Like many technology companies Facebook’s future revenue can be reliably estimated by the number of users multiplied by the Average Revenue Per User (ARPU). If one of those grows, so does revenue. If both grow, the combined result is the sort of stellar revenue growth Facebook has enjoyed since its start.
Monthly Active Users (MAU)
Facebook’s key user number metric is Monthly Active Users (MAU) which is now at a staggering 1.276 Billion. To achieve this level of MAU, its Growth Rate (Q/Q) was extremely high in the company’s early years. However around 6 months ago the rate of growth looked like it was becoming zero, meaning Facebook’s user numbers looked like they were about to peak.
However, in the two most recent quarters the user growth rate has picked up again to around 3.8% (Q/Q), which implies annual growth of around 14%. Though this is probably more as a result of company acquisitions such as Instagram than organic growth, it is still impressive.
Can This Level Of Users Be Maintained With So Many Competitors
A barrage of new entrants and services are constantly entering the social media space and just as Facebook’s initial rise was meteoric, the growth rates of these new alternatives are often just as spectacular. The question will always remain that whether at some point, users will find a rival that they prefer and simply switch en-masse. This question is not likely to go away any time soon, if ever, but a comparison with Google seems appropriate.
Google was not the first search engine but once it had launched and achieved a certain critical mass, it dominated the space and has remained the dominant player ever since. Facebook continues to stay relevant with its users and remains aware of its competitors. It continues to launch new apps that compete with the services of any upstarts, and through its huge cash pile it can acquire some of the more attractive ones. It seems likely that even as new entrants come and go, Facebook will be the pivot point around which Social Media interaction occurs.
Average Revenue Per User – ARPU
The other factor used to estimate revenue is Average Revenue Per User (ARPU). This will be around $2.50 during this year. Although Facebook is free (“and always will be”) Facebook generates money mainly through advertising (currently around 89% of revenue). Broadly speaking, ARPU has been on an upward trend as Facebook has increased its product range, both internally and through acquisitions, and the availability of those products on different platforms (IOS, Android etc).
The December quarter is always the strongest growth due to Christmas occurring in the US (the US still represents 47% of revenue). The past two quarters were also very strong as a result of an improved spend from Mobile devices.
Facebook has managed very consistent increases in expenditure as a percentage of revenue, in all categories.

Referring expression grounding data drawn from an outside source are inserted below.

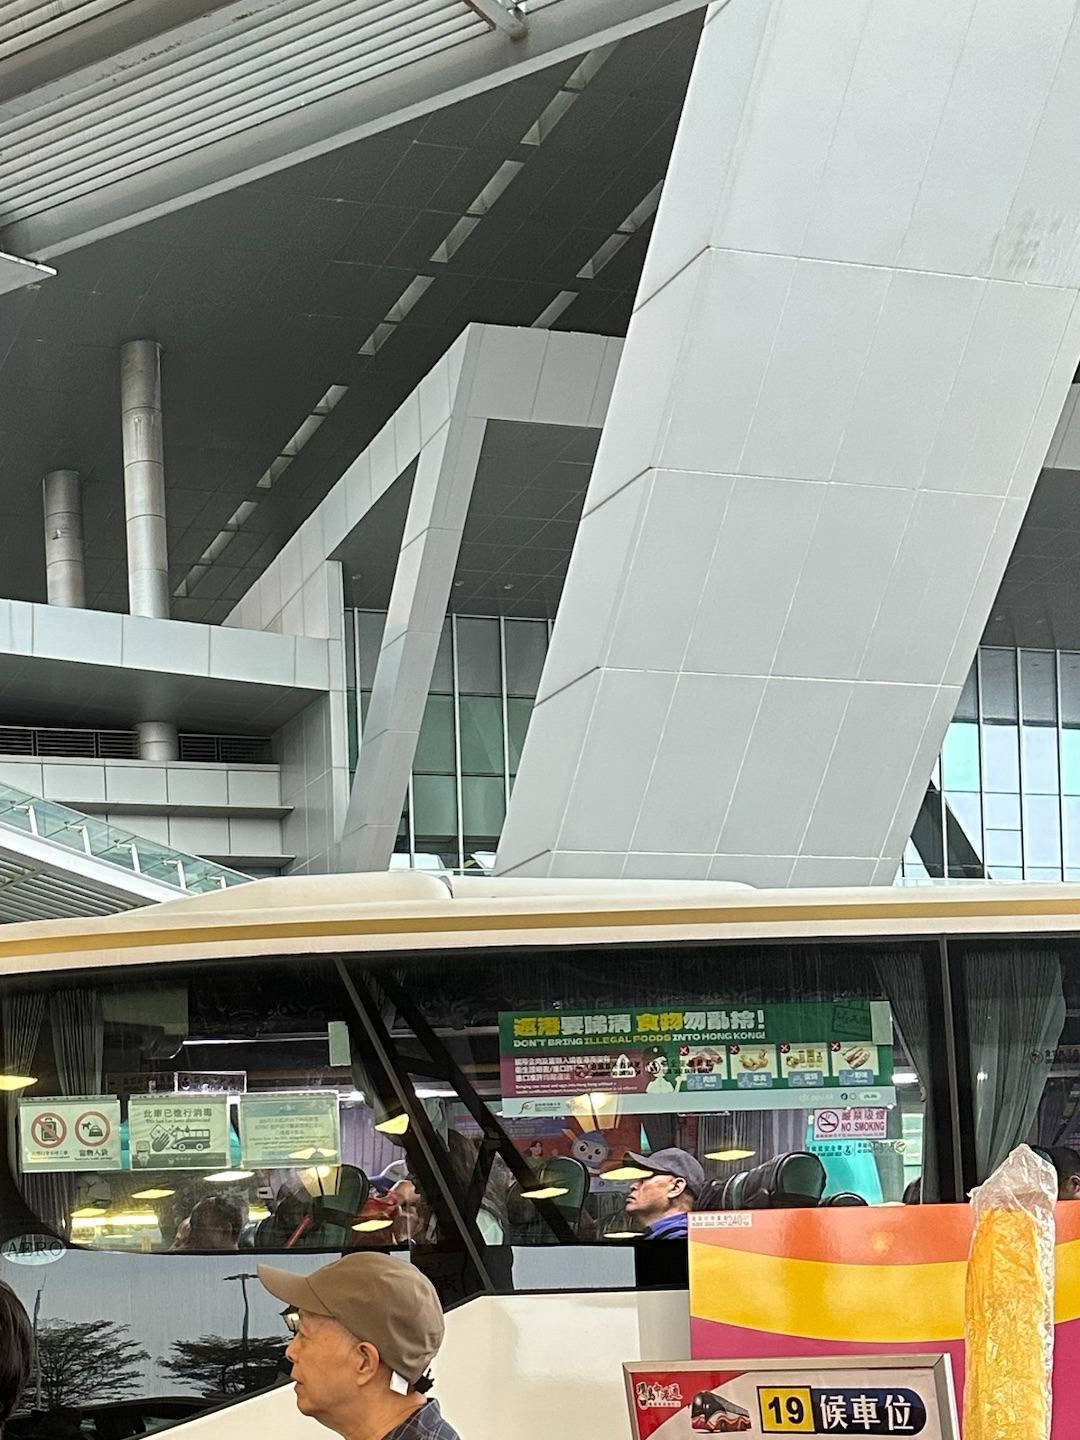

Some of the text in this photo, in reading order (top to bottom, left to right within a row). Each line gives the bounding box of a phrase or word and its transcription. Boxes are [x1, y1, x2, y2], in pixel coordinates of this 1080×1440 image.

[514, 1039, 546, 1047] DON'T
[548, 1038, 583, 1046] BRING
[584, 1035, 631, 1044] ILLEGAL
[633, 1034, 670, 1042] FOODS
[672, 1033, 701, 1041] INTO
[701, 1032, 732, 1040] HONG
[841, 1121, 885, 1131] NO SMOKING
[7, 1240, 62, 1257] AERO
[767, 1394, 915, 1431] 19 候車位

Given the stellar growth rates achieved for revenue it is no small achievement for the company to have kept a tight rein on costs in this way. The main categories of expenditure and their percentage of revenue are Cost of Revenue (27%), Sales and Marketing (12%), General and Administrative (10%) and Research and Development (17%).
Adding the above expense percentages makes an expenditure total of 66%. This leaves a net profit percentage of 34%. Given that Facebook’s revenue is enormous and still growing, having such a huge net profit margin is impressive. Most companies, particularly technology companies have to sacrifice short term profits to achieve growth in user numbers and then must struggle to keep them through being continually aggressive in pricing and promotion. Facebook is well past this point but still continues to deliver impressive growth in users and revenue per user.
Facebook is a company that has a huge and loyal user base, good revenue growth potential through an expanding product portfolio and platform, a stable and well managed cost base, and a strong profit margin and cash-flow. The stock looks reasonably priced in today’s relatively buoyant market given the company’s proven ability to adapt and innovate in a growing market, and its likely future role as the pivot point around which social media interaction occurs.